* _What is needed_: Leaving out the pictures, write the following records exactly as they read.

* _Dataset entries_:
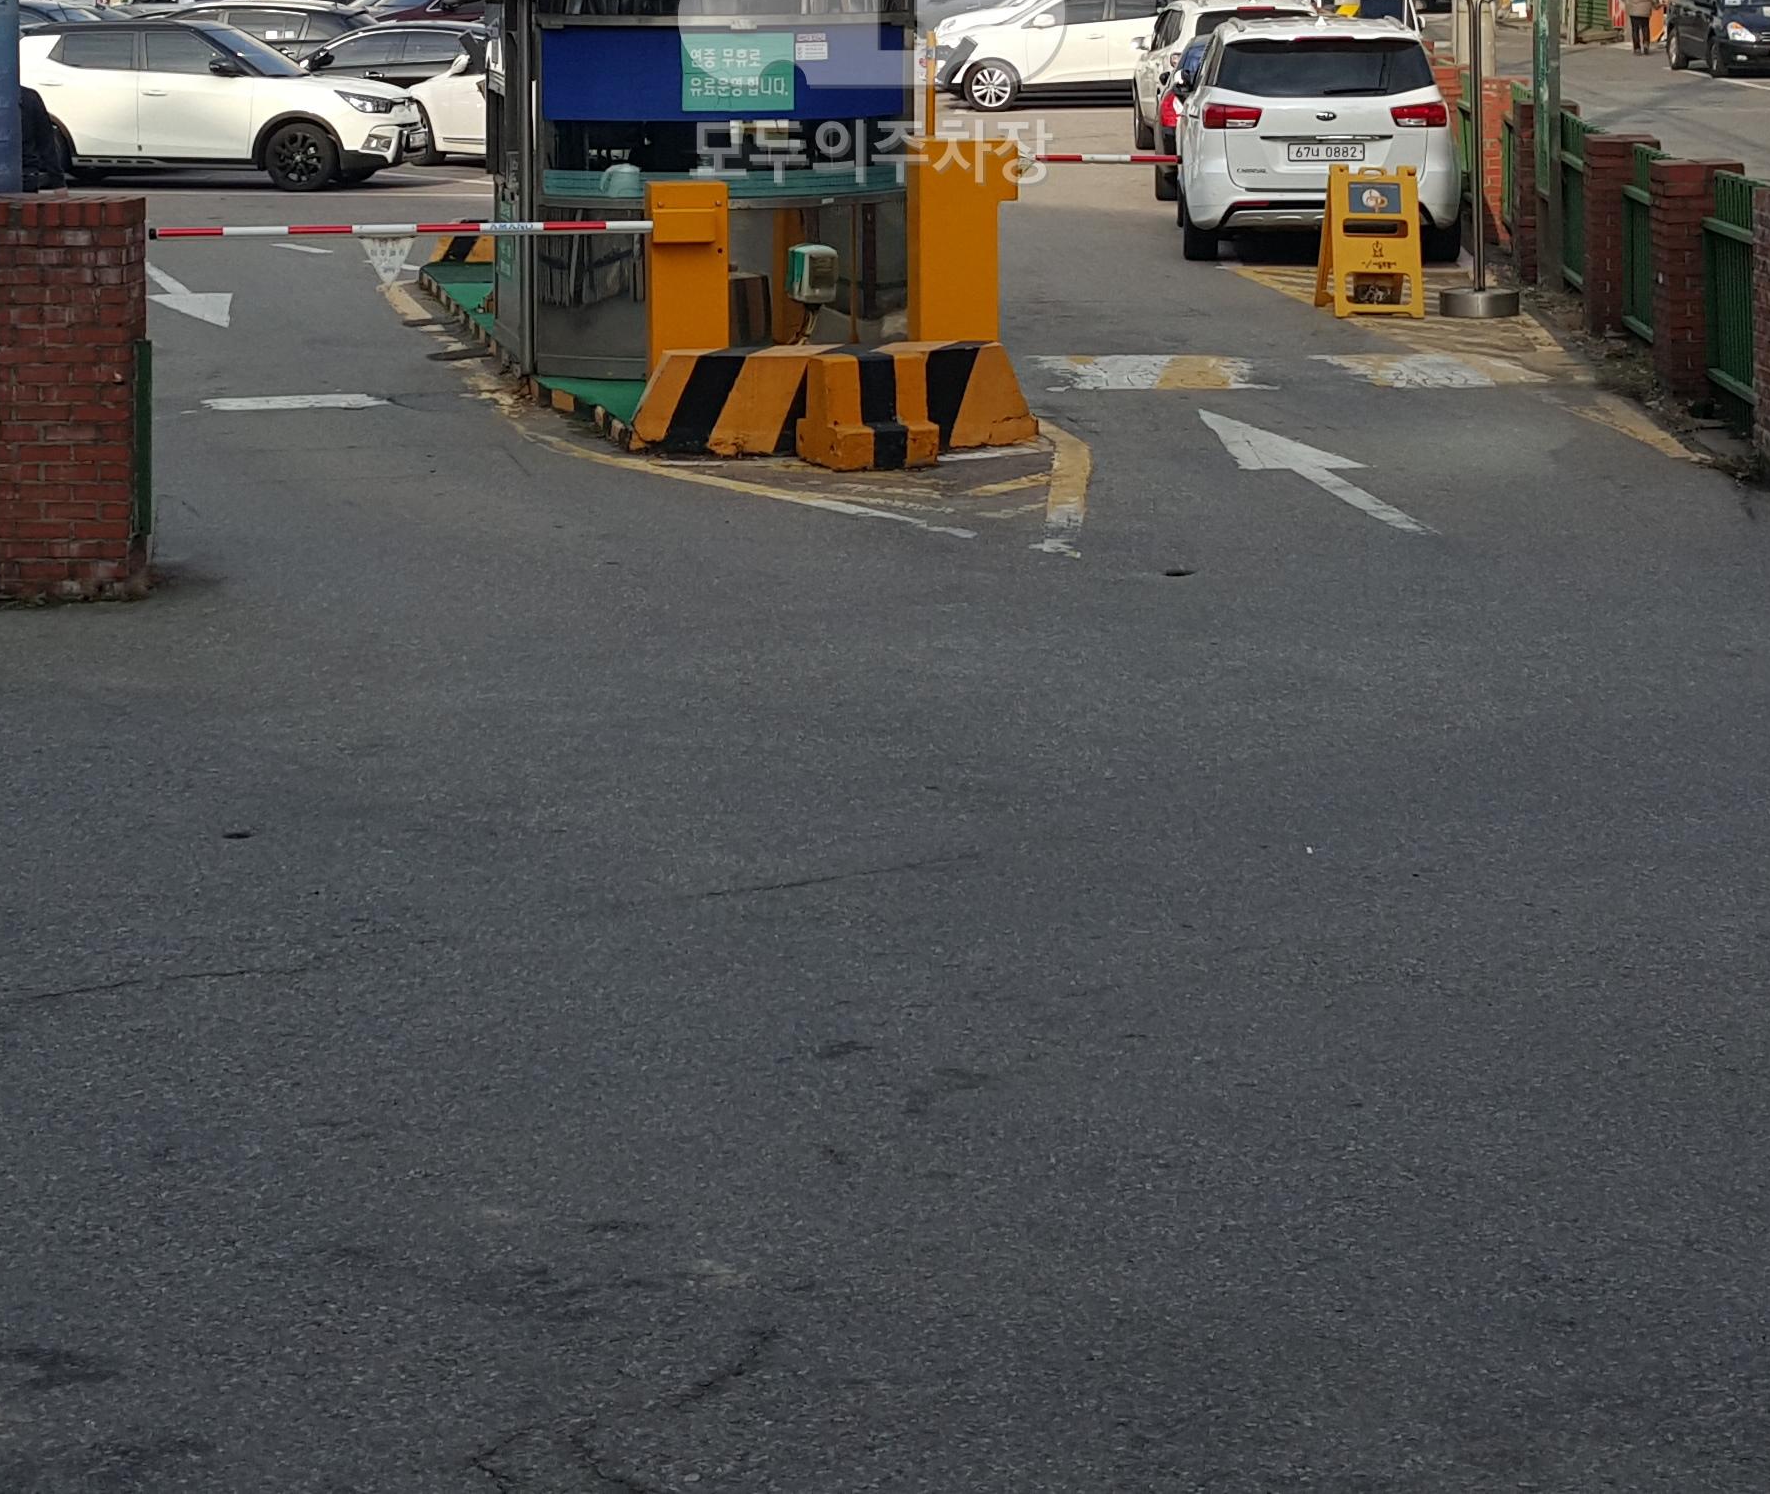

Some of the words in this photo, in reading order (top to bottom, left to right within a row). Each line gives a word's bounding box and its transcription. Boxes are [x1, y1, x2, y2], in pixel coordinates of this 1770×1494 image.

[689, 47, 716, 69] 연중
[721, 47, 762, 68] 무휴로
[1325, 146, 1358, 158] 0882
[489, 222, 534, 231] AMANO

* _Answer section_:
Some of the words in this photo, in reading order (top to bottom, left to right within a row). Each line gives a word's bounding box and its transcription. Boxes are [x1, y1, x2, y2], in pixel coordinates of this 1770×1494 image.

[689, 47, 716, 69] 연중
[721, 47, 762, 68] 무휴로
[1325, 146, 1358, 158] 0882
[489, 222, 534, 231] AMANO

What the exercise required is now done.